• _WHAT TO WORK ON_: Reproduce all the lines below exactly and omit the images.

WORKING DATA Block Start

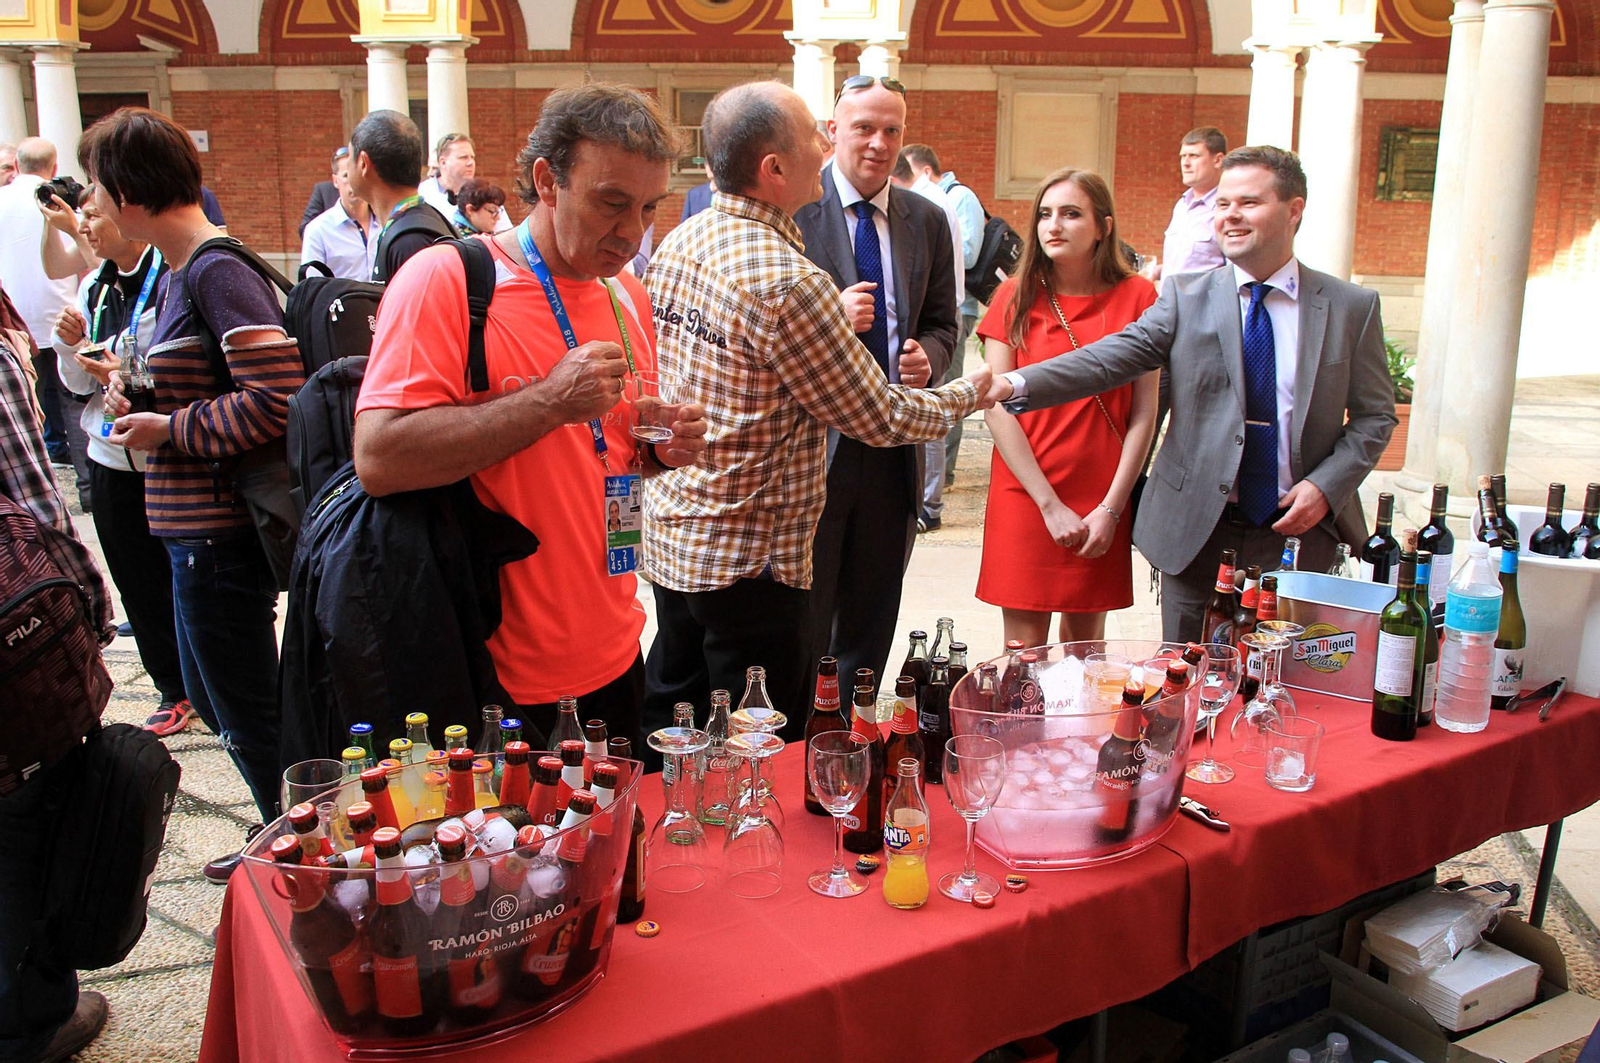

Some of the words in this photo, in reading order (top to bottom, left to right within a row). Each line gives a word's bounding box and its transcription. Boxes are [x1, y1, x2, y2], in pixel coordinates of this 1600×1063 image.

[652, 299, 684, 326] enter
[686, 309, 727, 349] Drive
[563, 329, 577, 350] 018
[5, 617, 42, 647] FILA
[1307, 653, 1340, 668] Clara
[428, 927, 504, 951] RAMÓN
[507, 903, 566, 935] BILBAO
[465, 947, 490, 959] HARO
[494, 940, 518, 952] RIOJA
[519, 932, 538, 944] ALTA

WORKING DATA Block End

• _ANSWER SPACE_:
Some of the words in this photo, in reading order (top to bottom, left to right within a row). Each line gives a word's bounding box and its transcription. Boxes are [x1, y1, x2, y2], in pixel coordinates of this 1600×1063 image.

[652, 299, 684, 326] enter
[686, 309, 727, 349] Drive
[563, 329, 577, 350] 018
[5, 617, 42, 647] FILA
[1307, 653, 1340, 668] Clara
[428, 927, 504, 951] RAMÓN
[507, 903, 566, 935] BILBAO
[465, 947, 490, 959] HARO
[494, 940, 518, 952] RIOJA
[519, 932, 538, 944] ALTA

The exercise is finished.